┌──

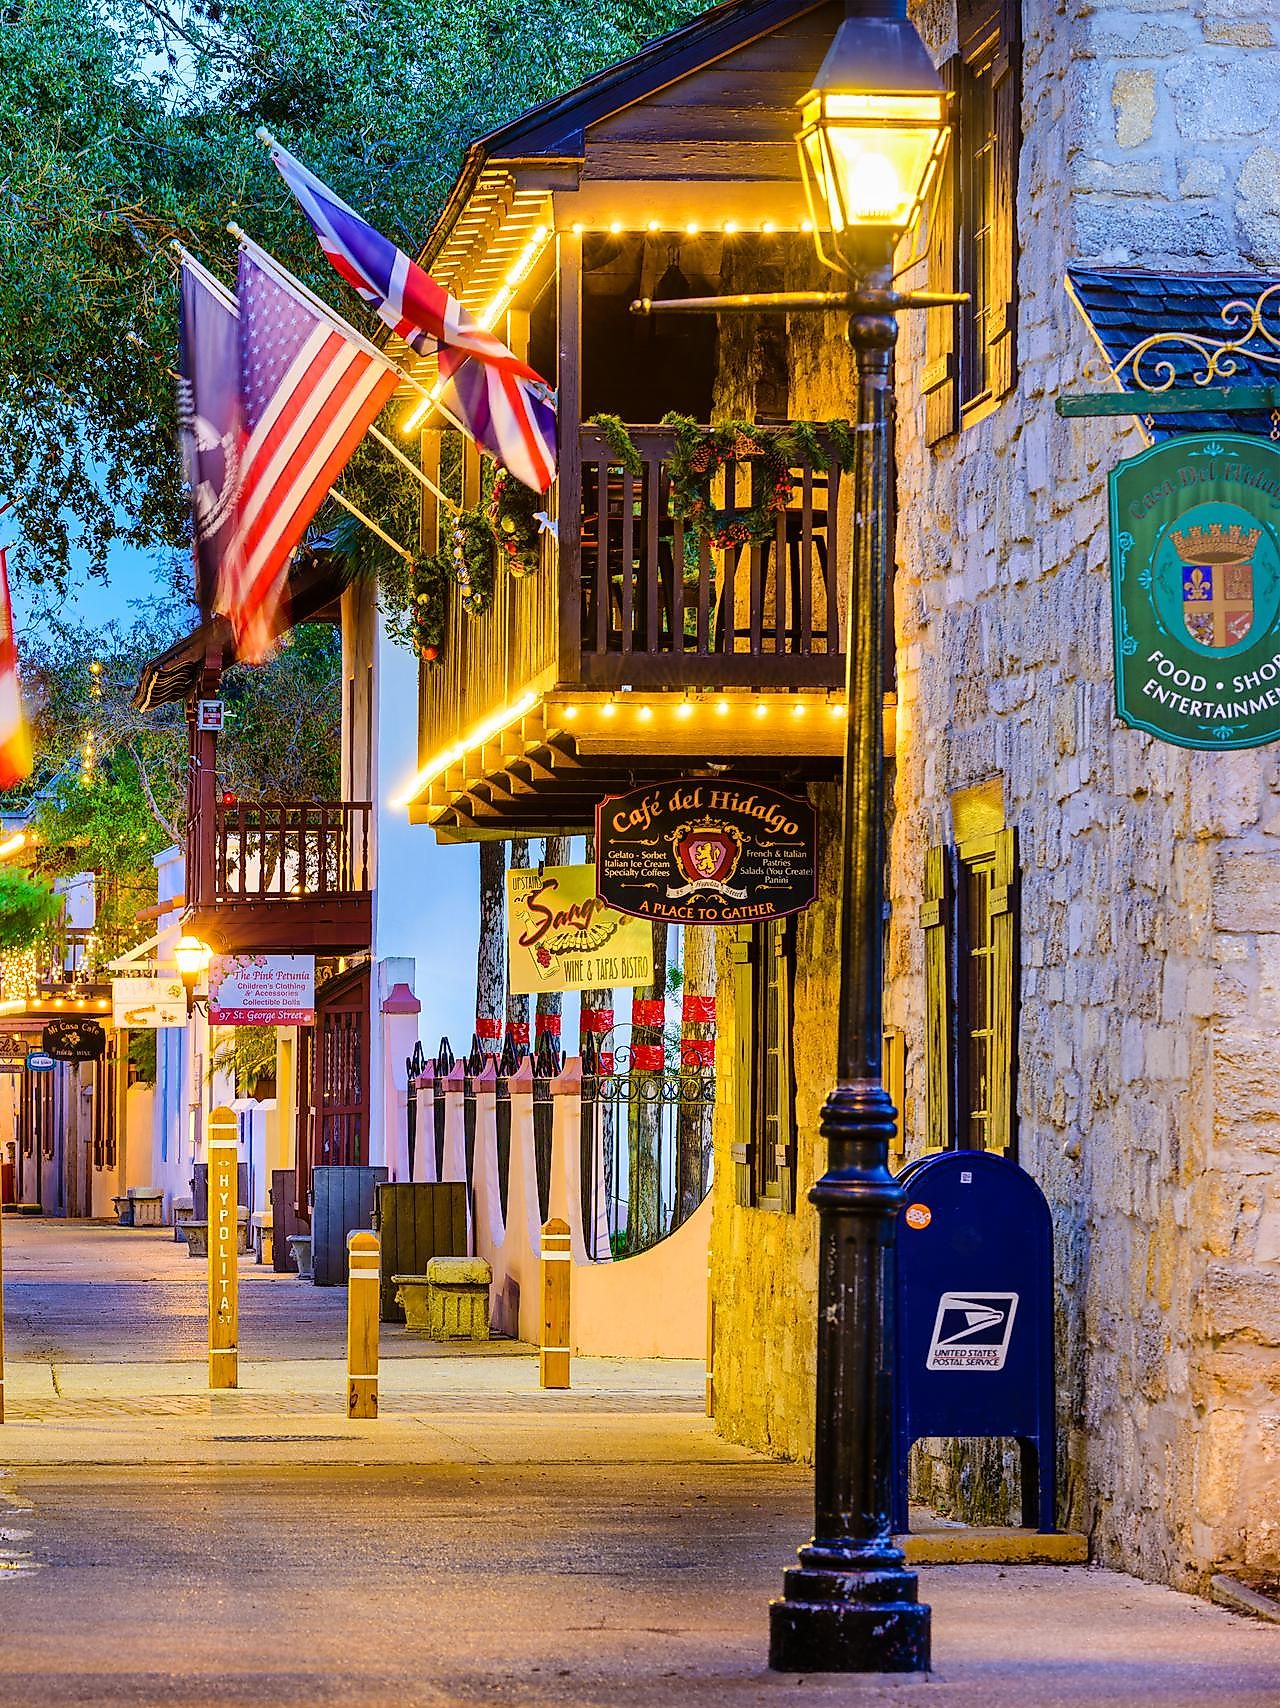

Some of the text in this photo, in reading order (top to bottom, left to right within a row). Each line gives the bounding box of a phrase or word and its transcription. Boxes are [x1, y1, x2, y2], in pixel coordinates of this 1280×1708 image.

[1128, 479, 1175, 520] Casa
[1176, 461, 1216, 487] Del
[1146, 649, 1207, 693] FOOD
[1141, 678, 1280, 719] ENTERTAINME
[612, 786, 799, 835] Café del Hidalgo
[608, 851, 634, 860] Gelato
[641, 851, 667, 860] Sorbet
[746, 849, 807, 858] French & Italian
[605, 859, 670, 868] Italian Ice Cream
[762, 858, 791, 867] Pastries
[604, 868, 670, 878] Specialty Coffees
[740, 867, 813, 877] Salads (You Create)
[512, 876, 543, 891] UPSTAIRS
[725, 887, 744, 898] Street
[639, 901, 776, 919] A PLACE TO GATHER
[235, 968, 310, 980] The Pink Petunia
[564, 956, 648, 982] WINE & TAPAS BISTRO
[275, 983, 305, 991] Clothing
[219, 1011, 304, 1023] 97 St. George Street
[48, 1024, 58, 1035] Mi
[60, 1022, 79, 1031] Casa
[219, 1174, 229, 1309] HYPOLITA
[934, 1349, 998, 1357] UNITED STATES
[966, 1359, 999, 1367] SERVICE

└──

TASK GOAL:
Repeat every record above exactly. Omit the pictures.

RESPONSE AREA:
Some of the text in this photo, in reading order (top to bottom, left to right within a row). Each line gives the bounding box of a phrase or word and its transcription. Boxes are [x1, y1, x2, y2], in pixel coordinates of this 1280×1708 image.

[1128, 479, 1175, 520] Casa
[1176, 461, 1216, 487] Del
[1146, 649, 1207, 693] FOOD
[1141, 678, 1280, 719] ENTERTAINME
[612, 786, 799, 835] Café del Hidalgo
[608, 851, 634, 860] Gelato
[641, 851, 667, 860] Sorbet
[746, 849, 807, 858] French & Italian
[605, 859, 670, 868] Italian Ice Cream
[762, 858, 791, 867] Pastries
[604, 868, 670, 878] Specialty Coffees
[740, 867, 813, 877] Salads (You Create)
[512, 876, 543, 891] UPSTAIRS
[725, 887, 744, 898] Street
[639, 901, 776, 919] A PLACE TO GATHER
[235, 968, 310, 980] The Pink Petunia
[564, 956, 648, 982] WINE & TAPAS BISTRO
[275, 983, 305, 991] Clothing
[219, 1011, 304, 1023] 97 St. George Street
[48, 1024, 58, 1035] Mi
[60, 1022, 79, 1031] Casa
[219, 1174, 229, 1309] HYPOLITA
[934, 1349, 998, 1357] UNITED STATES
[966, 1359, 999, 1367] SERVICE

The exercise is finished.